Exercise data: Begin

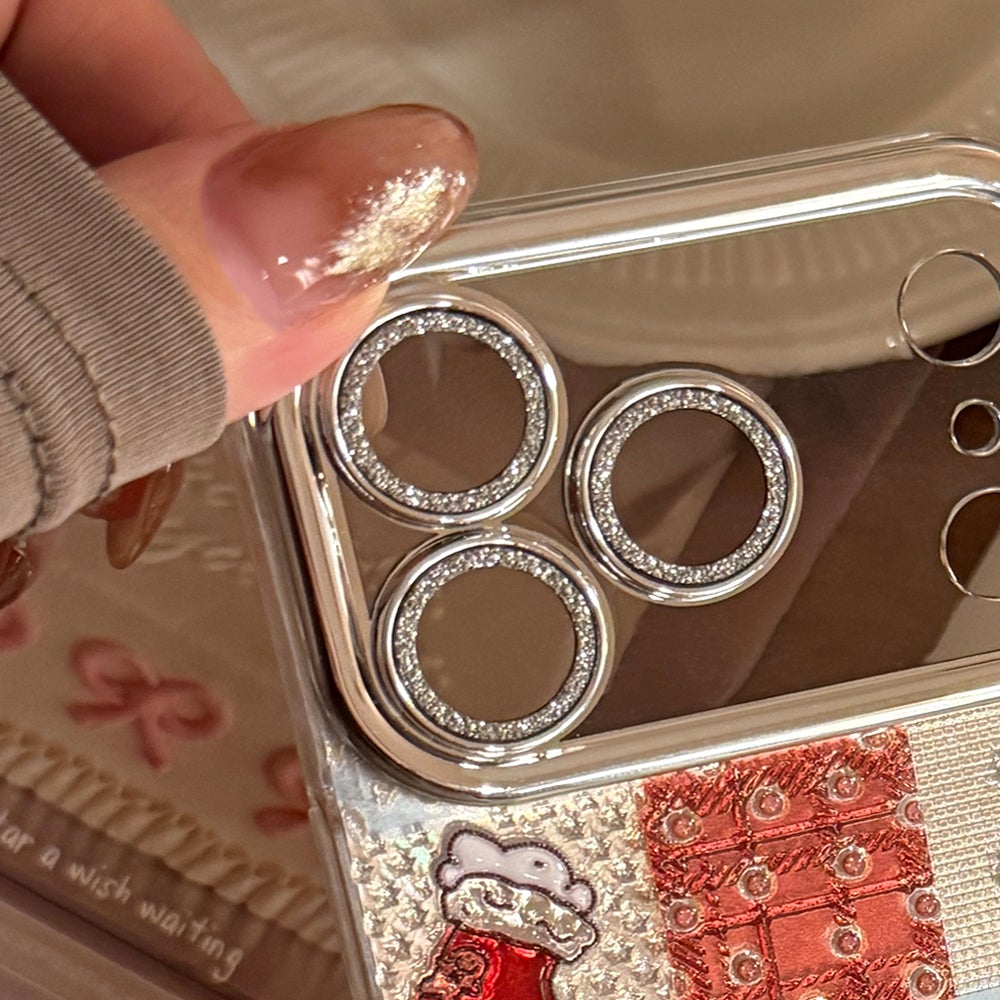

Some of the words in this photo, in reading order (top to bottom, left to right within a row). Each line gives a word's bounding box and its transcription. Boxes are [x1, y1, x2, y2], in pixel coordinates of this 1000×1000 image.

[40, 846, 62, 871] a
[69, 861, 131, 903] wish
[139, 901, 245, 983] waiting
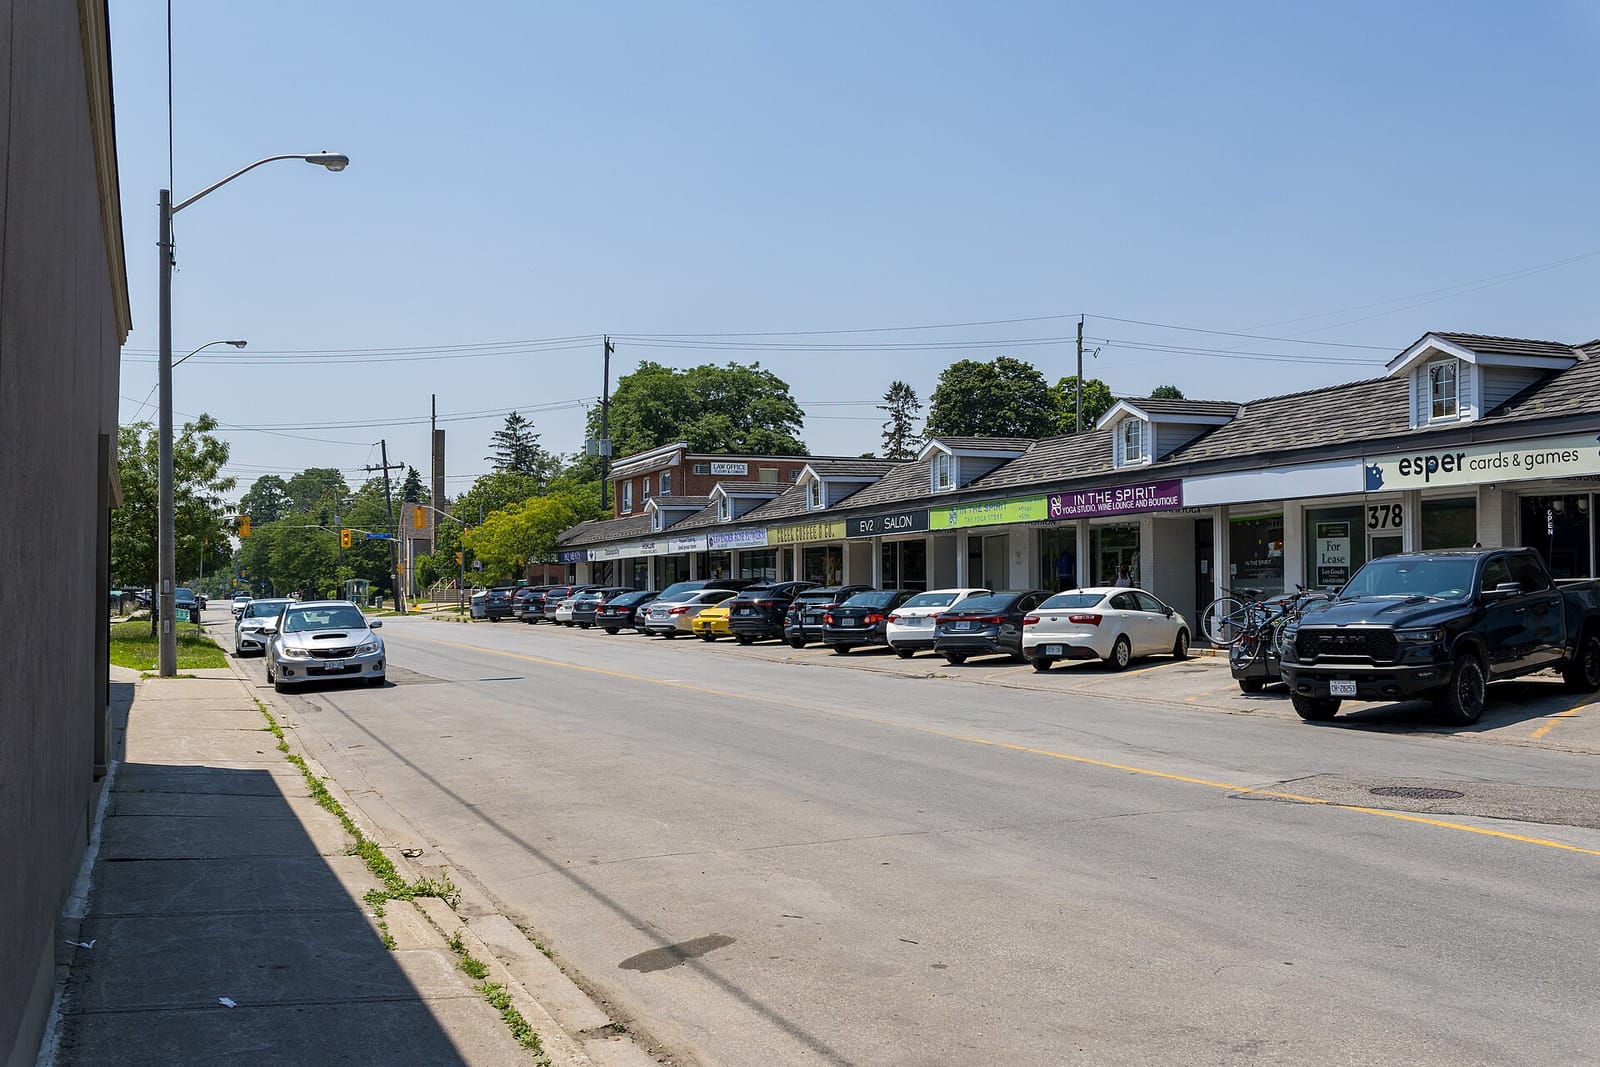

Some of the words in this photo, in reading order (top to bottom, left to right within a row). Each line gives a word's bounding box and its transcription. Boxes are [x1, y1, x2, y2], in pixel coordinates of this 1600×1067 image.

Exercise data: End

Go through the material above and retype every line exactly, without the images.

= Answer space =
Some of the words in this photo, in reading order (top to bottom, left to right within a row). Each line gives a word's bounding box and its transcription. Boxes are [x1, y1, x2, y2], in pixel coordinates of this 1000×1000 image.

[40, 846, 62, 871] a
[69, 861, 131, 903] wish
[139, 901, 245, 983] waiting

Some of the words in this photo, in reading order (top to bottom, left to right within a row). Each line gives a word's bounding box and its transcription. Boxes are [x1, y1, x2, y2], in pixel coordinates of this 1600×1067 image.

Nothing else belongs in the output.